REQUIRED ACTION: Every line from the one containing "Some of the text" to the end of the data below should be copied exactly, but pictures should not.

[INPUT DATA — start]

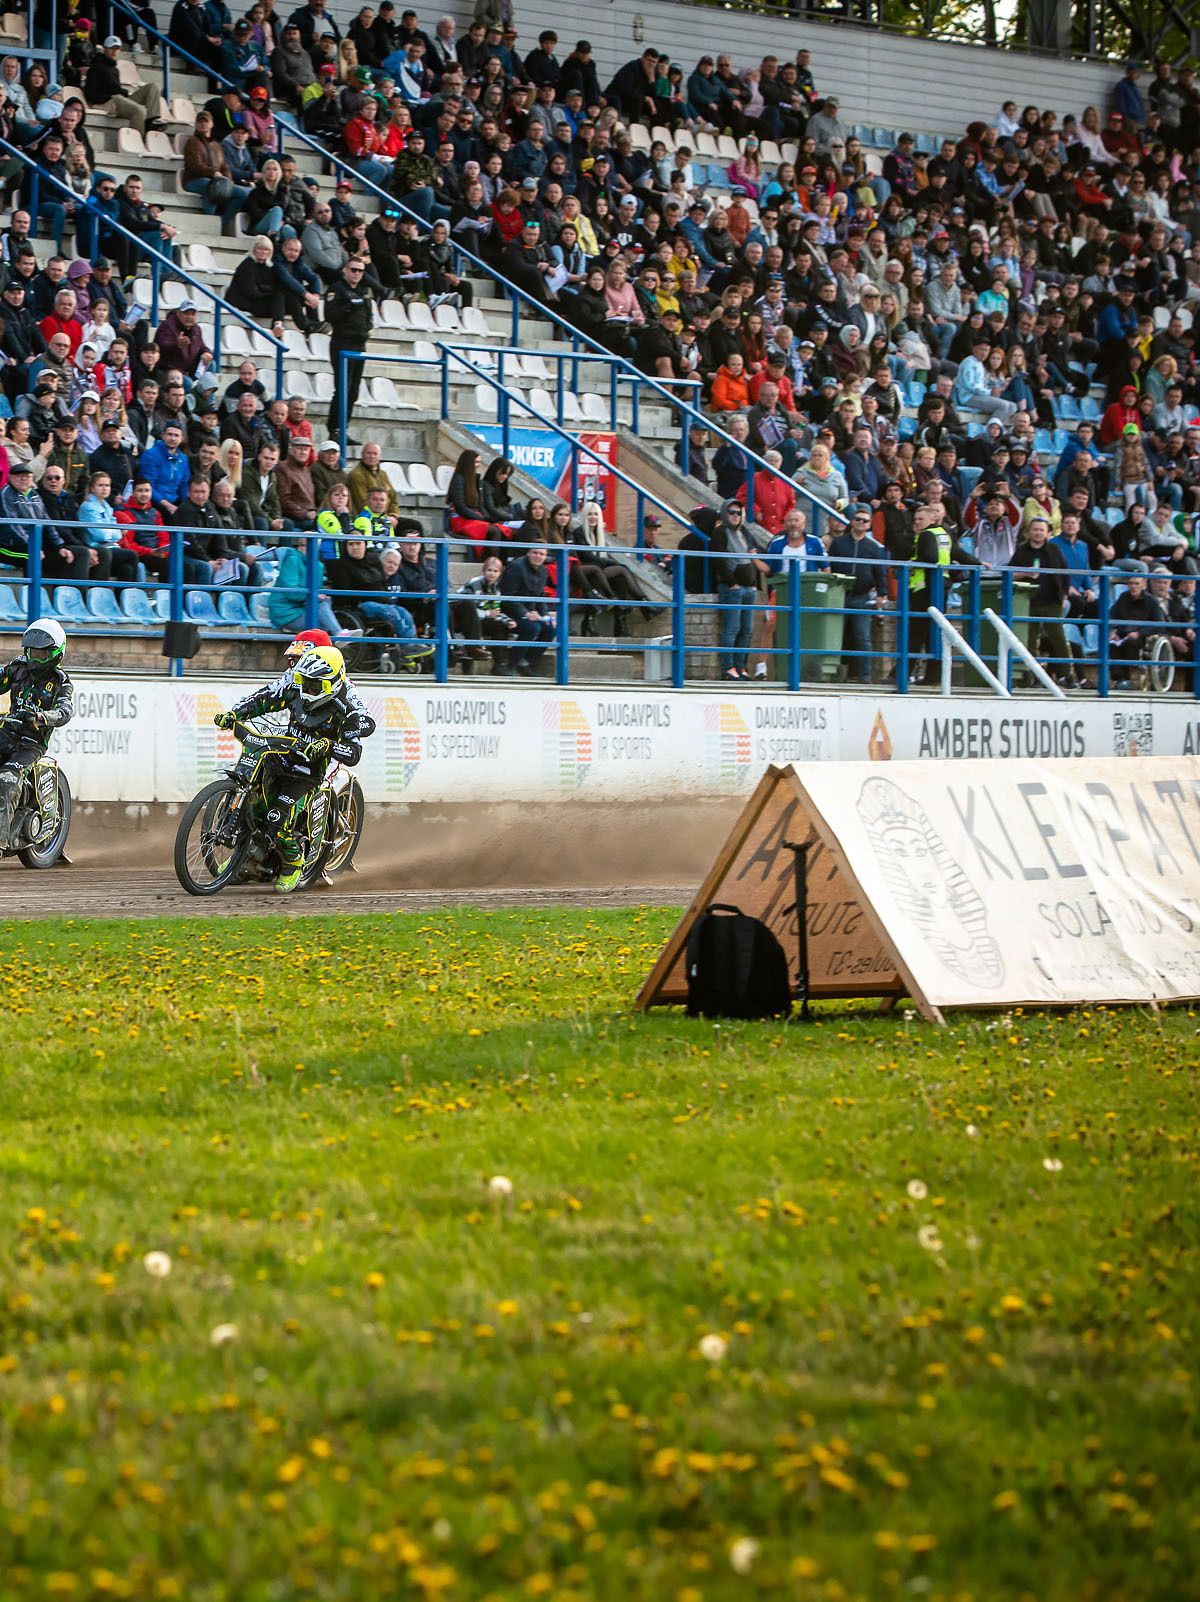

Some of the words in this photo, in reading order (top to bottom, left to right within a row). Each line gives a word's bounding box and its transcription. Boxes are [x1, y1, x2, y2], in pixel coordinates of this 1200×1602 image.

[426, 700, 506, 725] DAUGAVPILS
[597, 703, 671, 727] DAUGAVPILS
[755, 706, 826, 730] DAUGAVPILS
[65, 729, 131, 754] SPEEDWAY
[427, 734, 438, 758] IS
[441, 734, 501, 758] SPEEDWAY
[598, 736, 608, 760] IR
[611, 736, 652, 760] SPORTS
[757, 738, 767, 760] IS
[770, 738, 822, 760] SPEEDWAY
[919, 717, 992, 758] AMBER
[999, 718, 1085, 758] STUDIOS
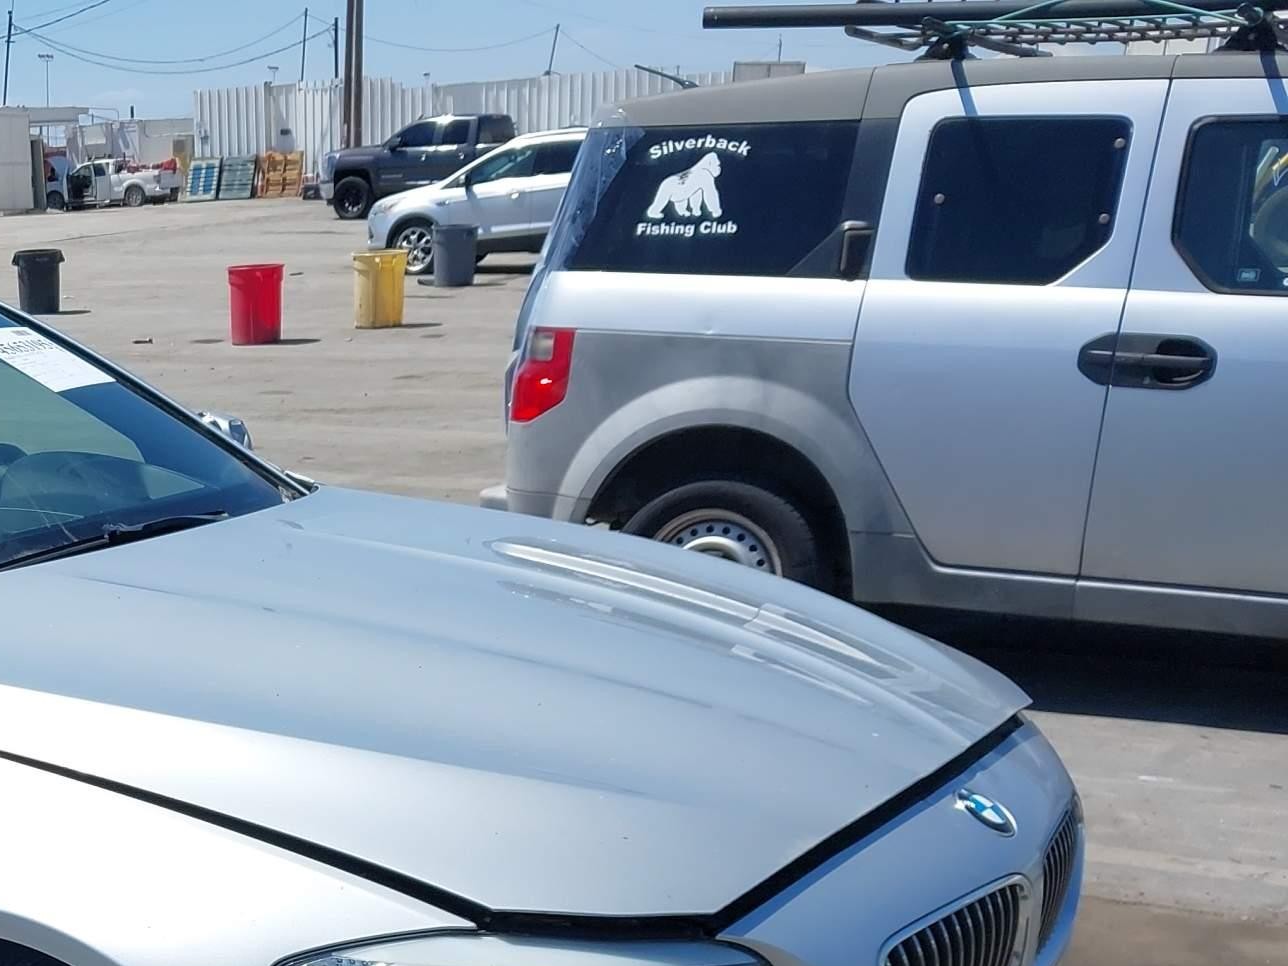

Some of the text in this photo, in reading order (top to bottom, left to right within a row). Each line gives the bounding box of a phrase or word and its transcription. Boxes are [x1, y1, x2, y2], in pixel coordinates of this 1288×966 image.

[649, 134, 751, 158] Silverback
[636, 220, 738, 237] Fishing Club
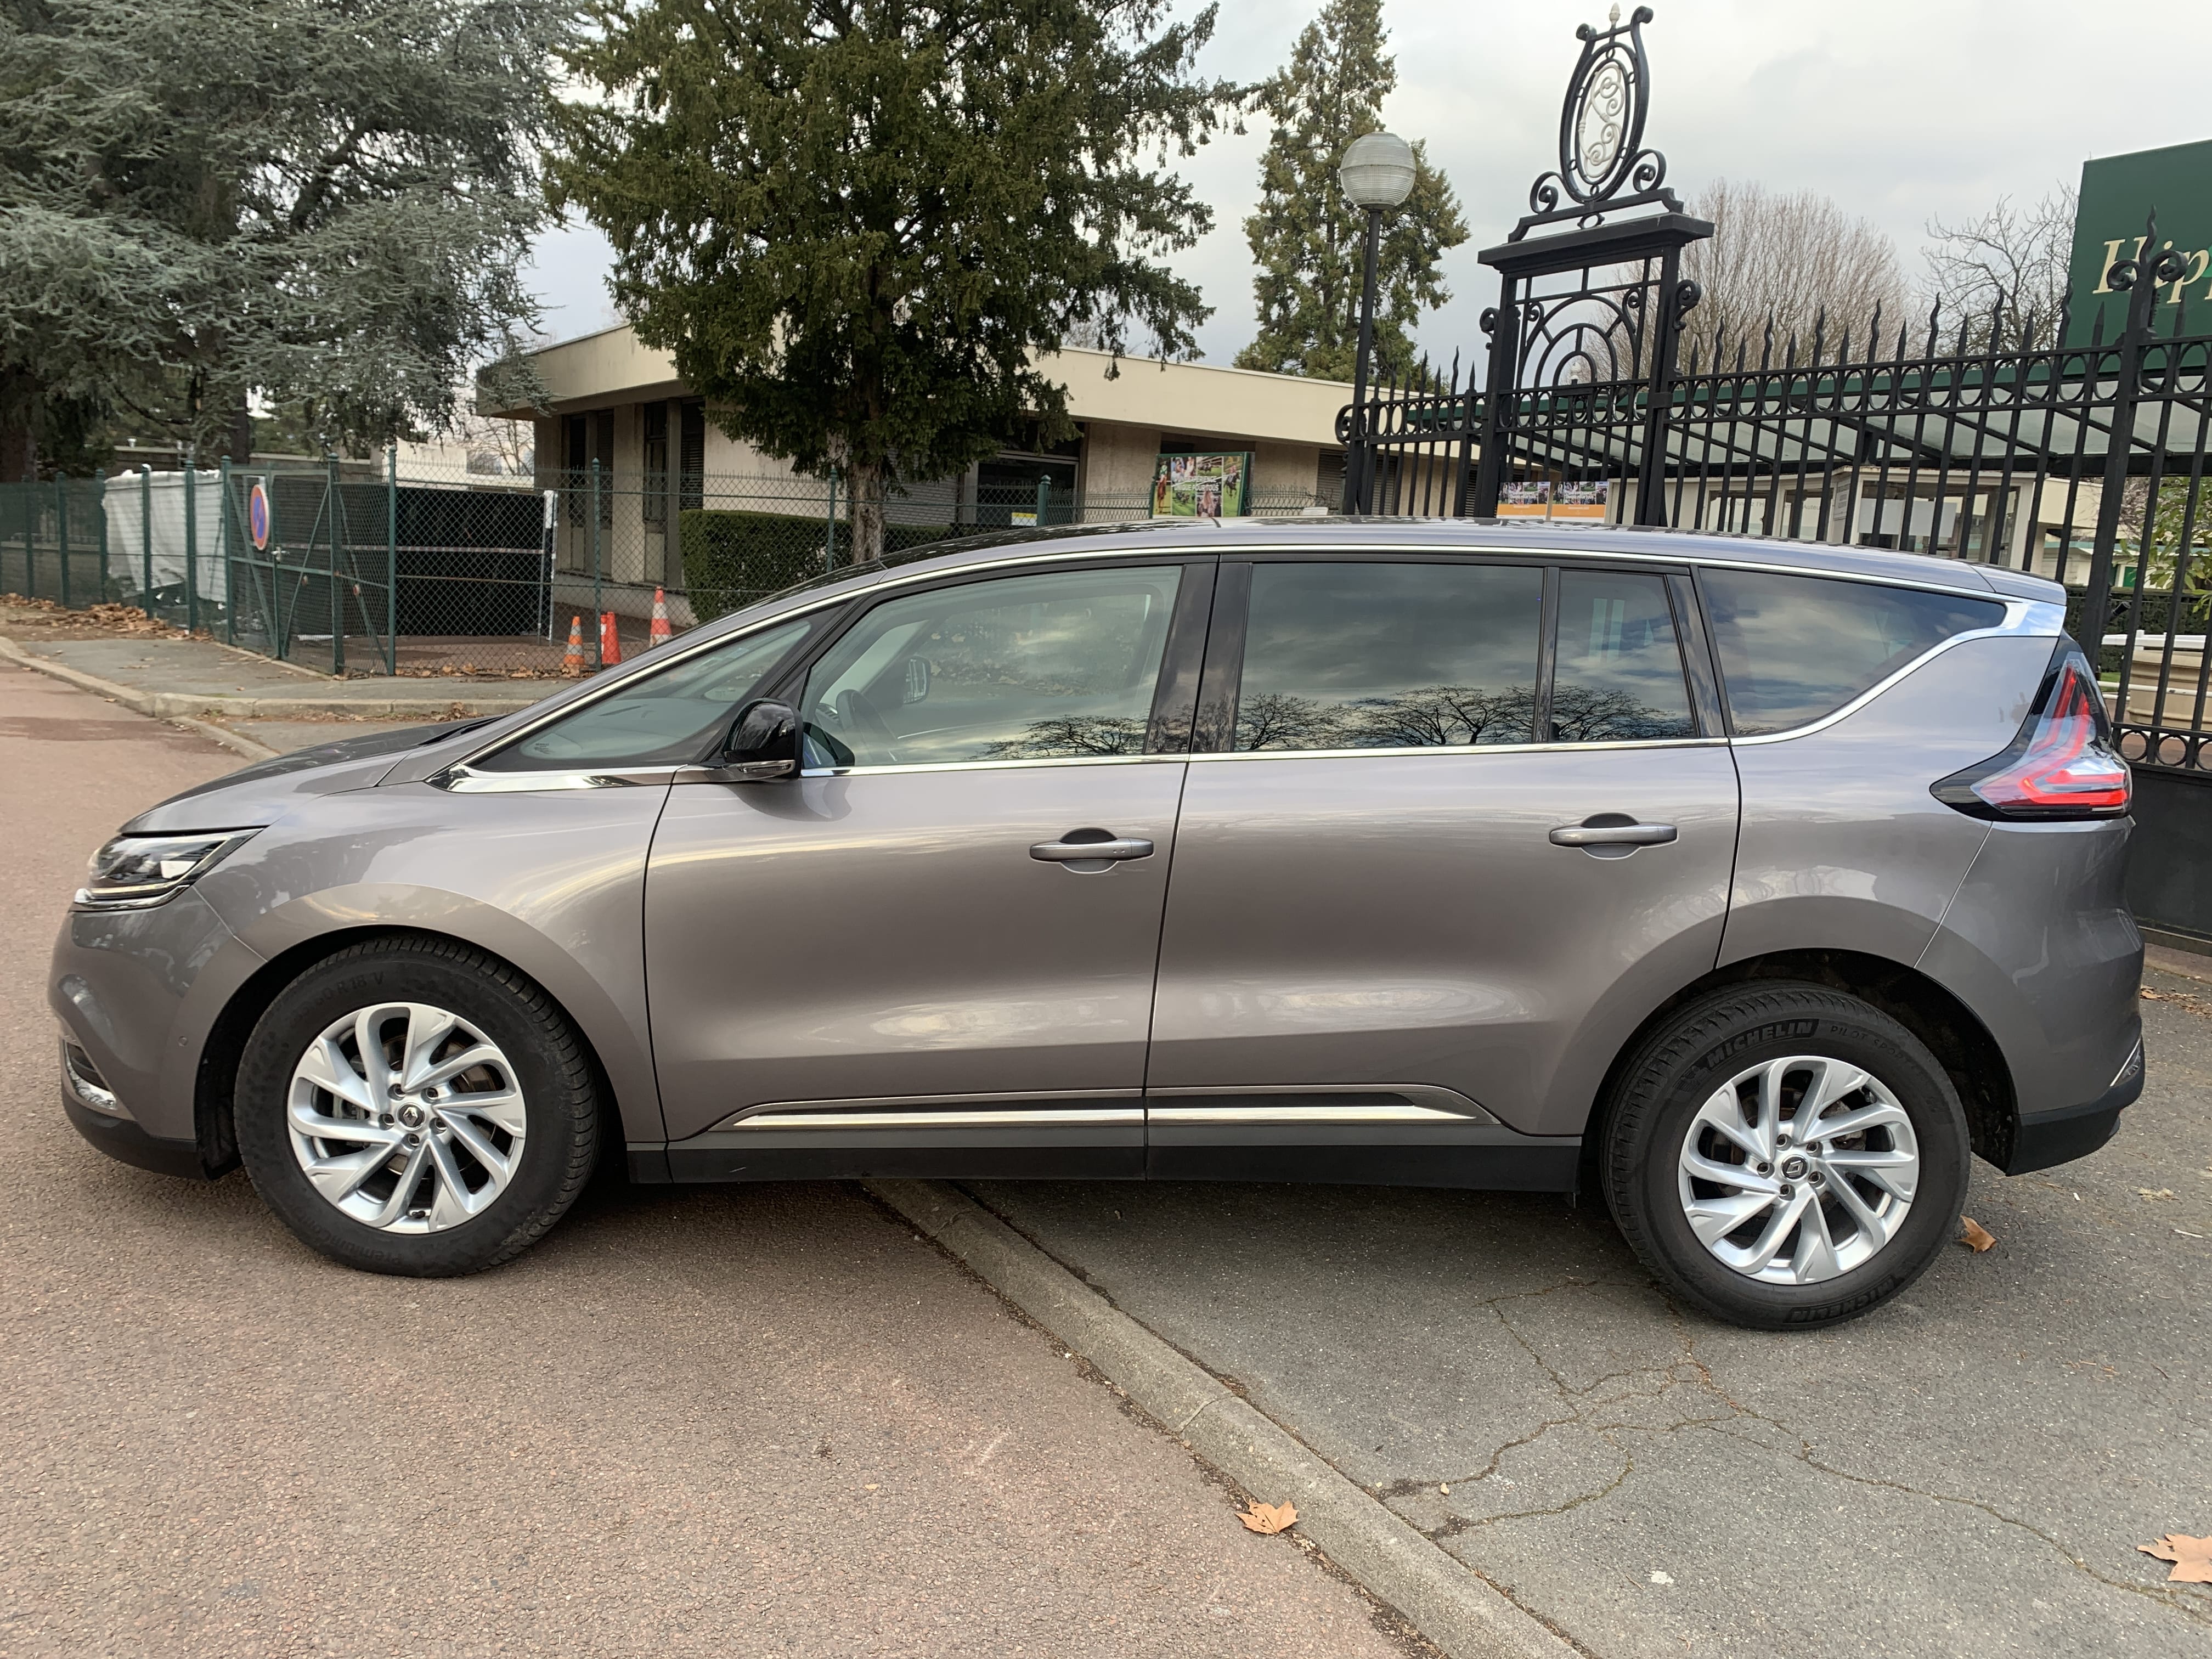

[INPUT DATA — finish]

RESPONSE TO THE TASK:
Some of the text in this photo, in reading order (top to bottom, left to right within a row). Each line gives the bounding box of a phrase or word and its transcription. Boxes are [x1, y1, x2, y2], in pixel coordinates of this 1288×966 image.

[649, 134, 751, 158] Silverback
[636, 220, 738, 237] Fishing Club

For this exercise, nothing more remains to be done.